[HPforGrownups] Re: Grindelwald and evil
Torsten
sevothtarte at gmx.net
Tue Feb 18 17:57:36 UTC 2003
No: HPFGUIDX 52439
Crunchy Chocolate Frog:
>Torsten wrote "one can take only so much negative experiences and
>desperation before stopping being what others might call sensible and
>good."
>
>Do people say the same thing when a man beats up his wife? Or when he
>molests the kids? "yes, what he did was bad, but he had a terrible
>childhood, his parents didn't love him and didn't buy him an electric
>train for Christmas"? I don't think so.

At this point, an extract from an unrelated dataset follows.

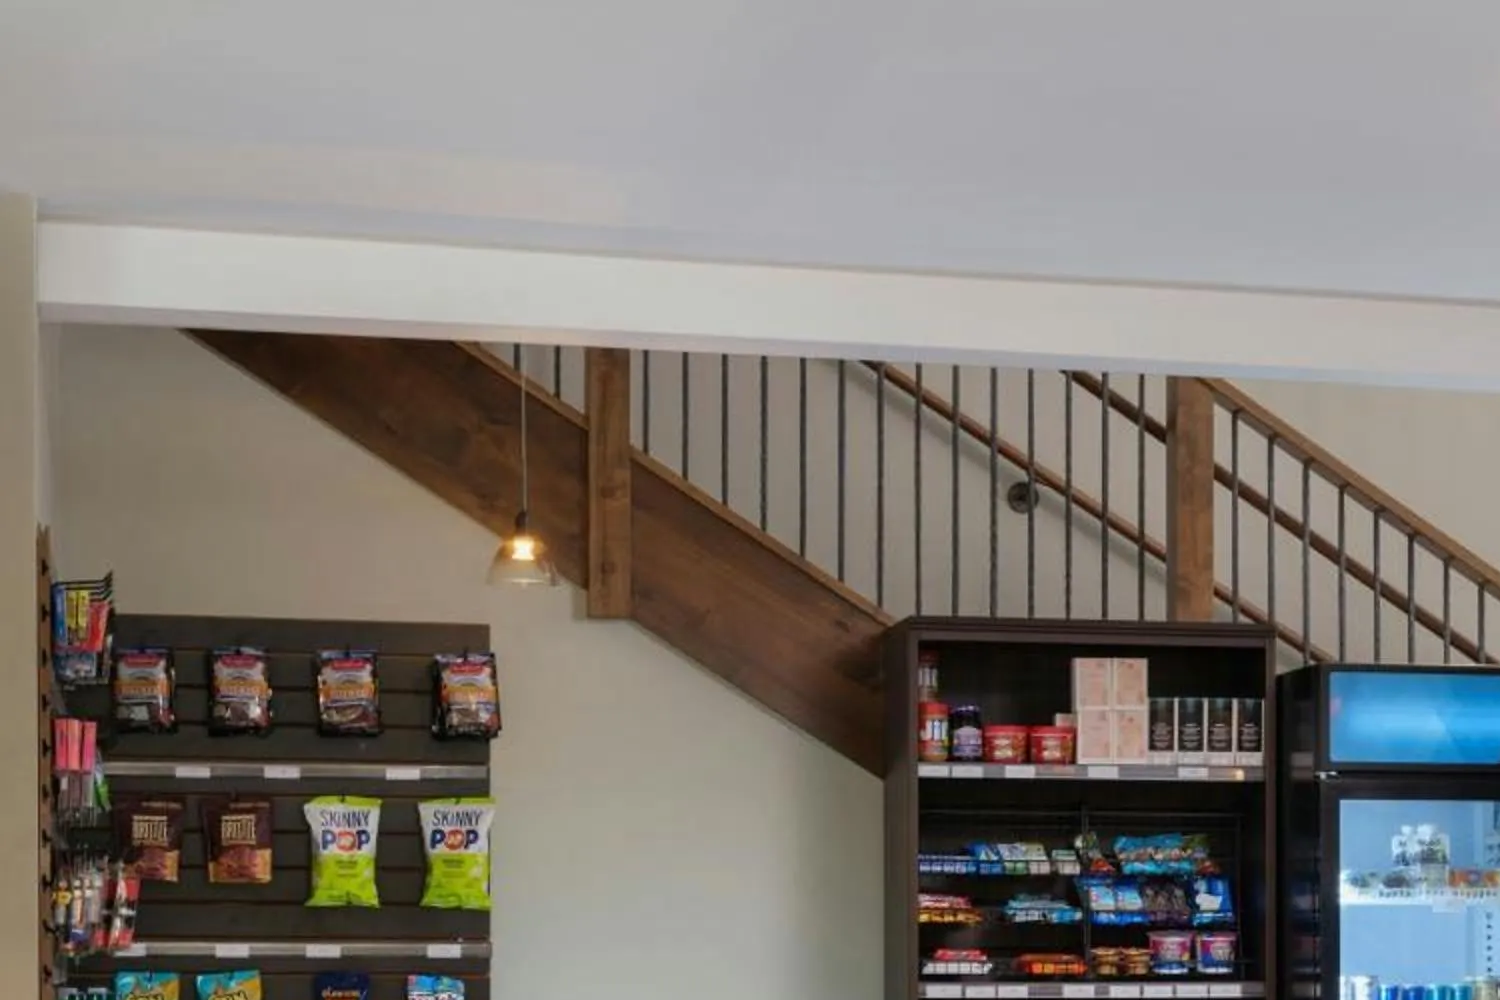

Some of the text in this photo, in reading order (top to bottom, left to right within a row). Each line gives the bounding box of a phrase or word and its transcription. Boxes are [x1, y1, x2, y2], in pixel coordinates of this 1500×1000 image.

Why should people want to
>give that sort of excuse to an Evil Overlord? "Grindelwald really is
>a very bad wizard who is bent on World Domination, but we should
>forgive him because his mum and dad didn't really love him and didn't
>allow him to keep his pet Werewolf, or his favorite flying carpet,
>and never allowed him to play Quidditch."
You got me wrong. I wasn't talking about an evil Grindelwald with cheap excuses. To
stick to your comparisons: If a man continually beats his wife and rapes her, and she
one day 'breaks' and kills him, this - the act or murder - would still be wrong, but it
would be understandable.
If a child is suffers from abuse at the hands of it's parents, it might grow up to be so
dysfunctional it treats it's own children the same way. The abuse it suffered itself can
explain this, but it doesn't excuse it. This is what my statement was about - explanation
and understanding why someone does something wrong, not excusing that he does.
Read the fanfic again to see what Grindelwald's motivations are there. He is reacting to
something wrong by doing something wrong. This, sadly, is what humans do all the
time. That's why some people who have to suffer under tyrants turn terrorist and
cause even more suffering. Not everyone is Ghandi.